PERSONAL: Born October 30, 1840, in Paterson, NJ; died April 12, 1910, in Englewood, NJ; son of Thomas (a mechanic) and Sarah (Graham) Sumner; married Jeannie (Whittemore) Elliott, 1871; children: Henry, Eliot, Graham. Education: Yale College, graduated, 1863; attended University of Göttingen and Oxford University, 1866.

CAREER: Yale College, New Haven, CT, tutor, 1866-69, professor of polical and social science, 1872-1910; Calvary Church, New York, NY, ordained priest, 1869; Church of the Redeemer, Morristown, NJ, church rector, 1870. Member, New Haven board of aldermen, 1873-76, and Connecticut State Board of Education, 1882-1910.

MEMBER: American Sociological Society (former vice president; president, 1908-09).

WRITINGS:

NONFICTION

A History of American Currency: With Chapters on the English Bank Restriction and Austrian Paper Money: To Which Is Appended "The Bullion Report," Henry Holt & Co. (New York, NY), 1874.

Lectures on the History of Protection in the United States: Delivered before the International Free-Trade Alliance, G. P. Putnam's Sons (New York, NY), 1877.

Andrew Jackson as a Public Man, Houghton, Mifflin and Company (Boston, MA), 1882.

What Social Classes Owe to Each Other, Harper & Bros. (New York, NY), 1883.

Protectionism: The Ism Which Teaches That Waste Makes Wealth, Henry Holt & Co. (New York, NY), 1885.

Alexander Hamilton, Dodd, Mead & Co. (New York, NY), 1890.

The Financier and the Finances of the American Revolution, two volumes, Dodd, Mead & Co. (New York, NY), 1891.

Robert Morris, Dodd, Mead & Co. (New York, NY), 1892.

A History of Banking in All the Leading Nations: Comprising the United States, Great Britain, Germany, Austro-Hungary, France, Italy, Belgium, Spain, Switzerland, Portugal, Roumania, Russia, Holland: the Scandinavian Nation, Canada, China, Japan, four volumes, Journal of Commerce and Commercial Bulletin (New York, NY), 1896.

Folkways: A Study of the Sociological Importance of Usages, Manners, Customs, Mores, and Morals, Ginn & Co. (Boston, MA), 1906.

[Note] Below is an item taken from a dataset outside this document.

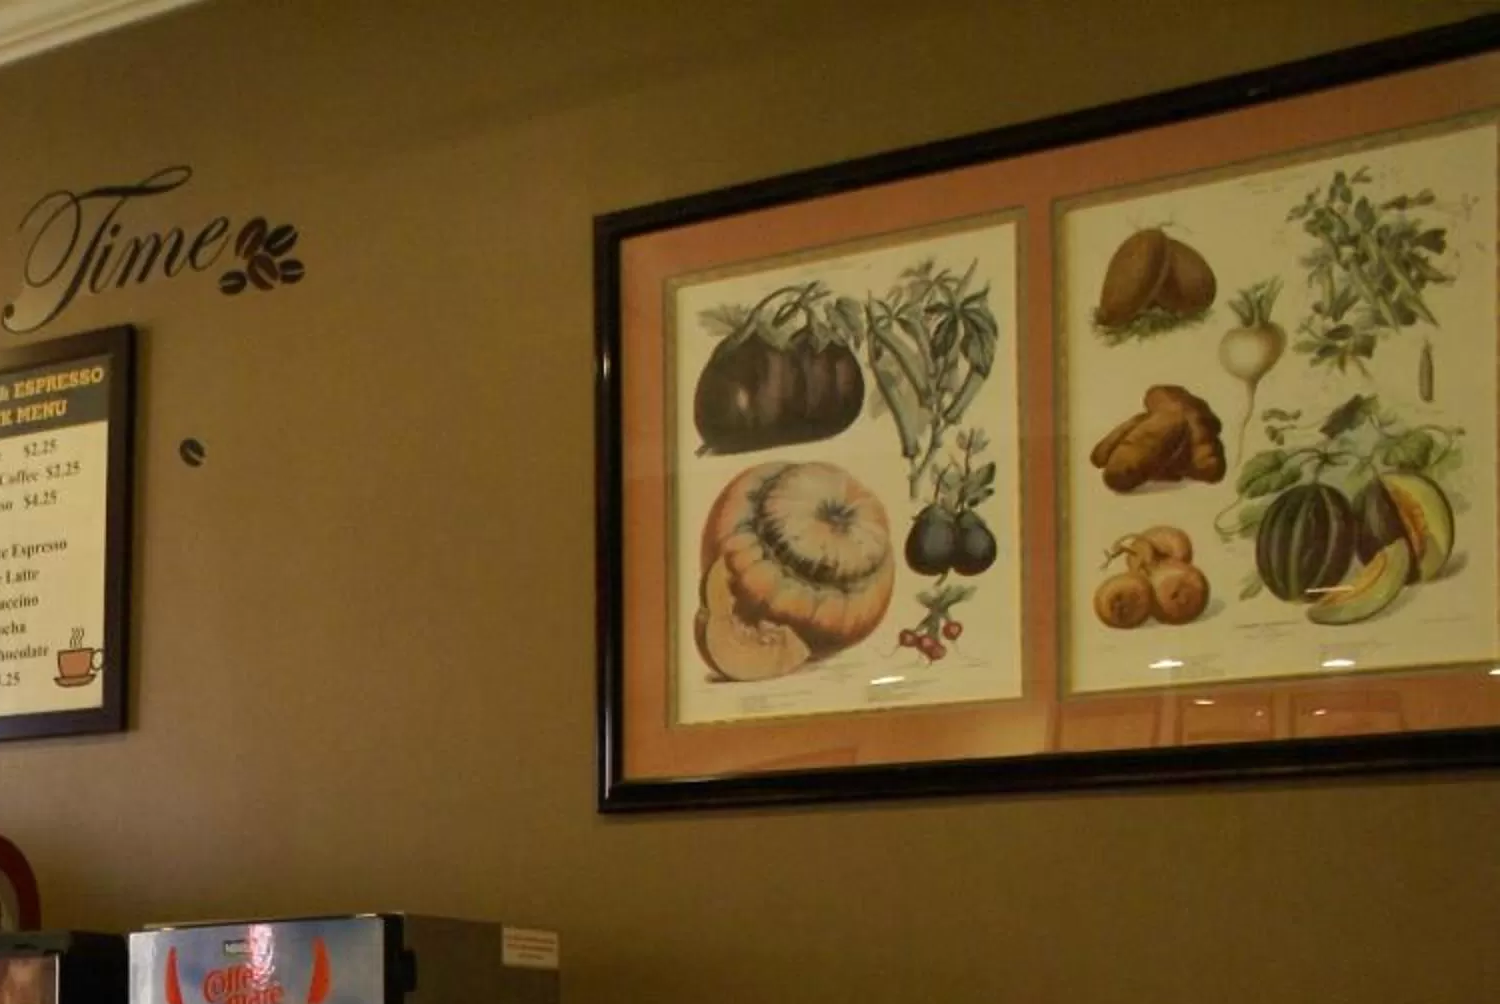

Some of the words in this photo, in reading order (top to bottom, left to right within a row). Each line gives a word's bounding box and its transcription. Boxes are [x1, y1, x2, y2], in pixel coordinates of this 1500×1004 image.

(With Albert G. Keller) The Science of Society, Yale University Press (New Haven, CT), 1927.

COLLECTED ESSAYS

Collected Essays in Political and Social Science, Henry Holt & Co. (New York, NY), 1885.

War, and Other Essays, edited by Albert G. Keller, Yale University Press (New Haven, CT), 1911.

Earth-Hunger and Other Essays, edited by Albert G. Keller, Yale University Press (New Haven, CT), 1913.

The Challenge of Facts, and Other Essays, edited by Albert G. Keller, Yale University Press (New Haven, CT), 1914.

The Forgotten Man, and Other Essays, edited by Albert G. Keller, Yale University Press (New Haven, CT), 1918.

Selected Essays of William Graham Sumner, edited by Albert G. Keller and Maurice R. Davie, Yale University Press (New Haven, CT), 1934.

Sumner Today: Selected Essays of William Graham Sumner, with Comments by American Leaders, edited by Maurice R. Davie, Yale University Press (New Haven, CT), 1940.

The Forgotten Man's Almanac: Rations of Common Sense from William Graham Sumner, edited by Albert G. Keller, Yale University Press (New Haven, CT), 1943.

Social Darwinism: Selected Essays of William Graham Sumner, edited by Stow Persons, Prentice-Hall (Englewood Cliffs, NJ), 1963.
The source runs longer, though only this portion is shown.